Page 37 of Helens-of-Troy

Walking into the Lachey home was like walking into a stranger’s house.

  Tom walked up the landing steps and into the kitchen without Betty yelling at him to get his dirty wet shoes off her nice clean floor. Stan wasn’t parked in the living room recliner chair, slurping pop from a straw while he drew yet another picture to hang on the fridge with the other fifty thousand pictures he had drawn the week before. And Ryan wasn’t locked in the bathroom doing whatever the hell it was that Ryan did in the bathroom.

  It was like he was in an alternate Lachey universe, and it was downright creepy.

  He retraced his steps and glanced at something that had caught his eye as he walked by Stan’s colorings. There was a calendar hanging beside them that had a big red circle around today’s date. It was Betty’s birthday.

  “Happy freaking birthday, Betster,” he said aloud.

  There wasn’t going to be any celebrating today, that was for damn sure. Betty was more likely to have a sedative than her usual nightcap of orange brandy that she poured for herself at precisely eleven o’clock. She had done it every night since Ryan’s dad had left, he knew. Tonight being a special occasion she would have started a little early, had one too many and offered a wee drink to Ryan and himself so she wouldn’t have to toast the occasion alone. It happened like that every holiday at the Lachey’s.

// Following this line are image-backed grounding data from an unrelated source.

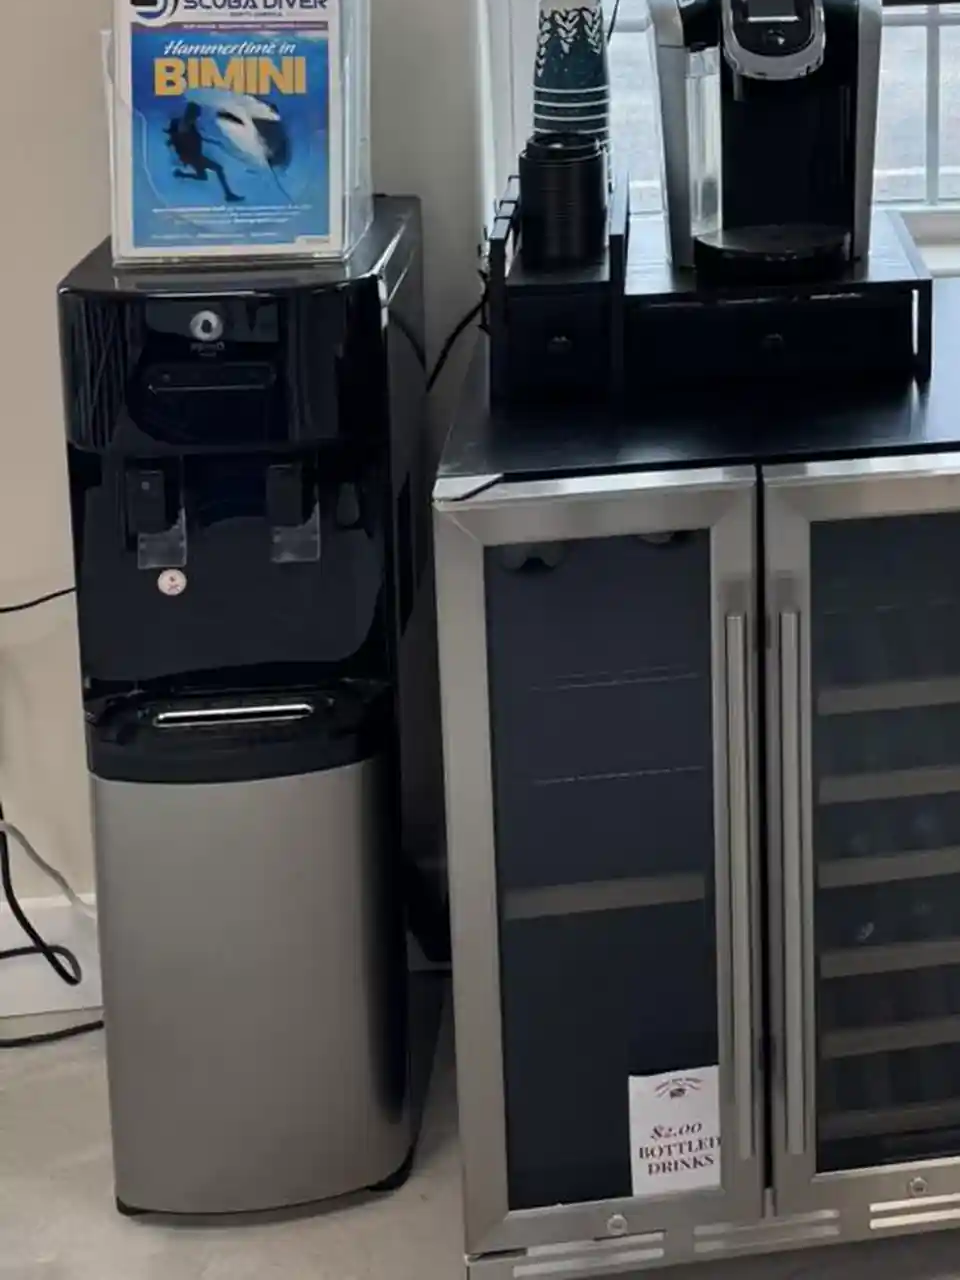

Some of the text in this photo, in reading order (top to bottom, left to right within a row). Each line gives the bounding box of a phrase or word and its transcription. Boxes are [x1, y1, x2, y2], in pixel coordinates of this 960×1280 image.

[163, 39, 297, 56] Hammertime in
[154, 56, 307, 96] BIMINI
[650, 1122, 703, 1141] $2.00
[638, 1136, 721, 1160] BOTTLED
[647, 1154, 715, 1176] DRINKS

  Feeling a pang of guilt, Tom took his runners off out of respect before he continued on up the carpeted hallway stairs that led to the bedrooms on the second floor.

  The first room he passed was Betty’s. The door was open and he could see that the bed was still made from the day before. That was a bit unusual. Betty’s neat-freak tendencies normally stopped at the staircase. If company wouldn’t see the mess, she wasn’t as concerned.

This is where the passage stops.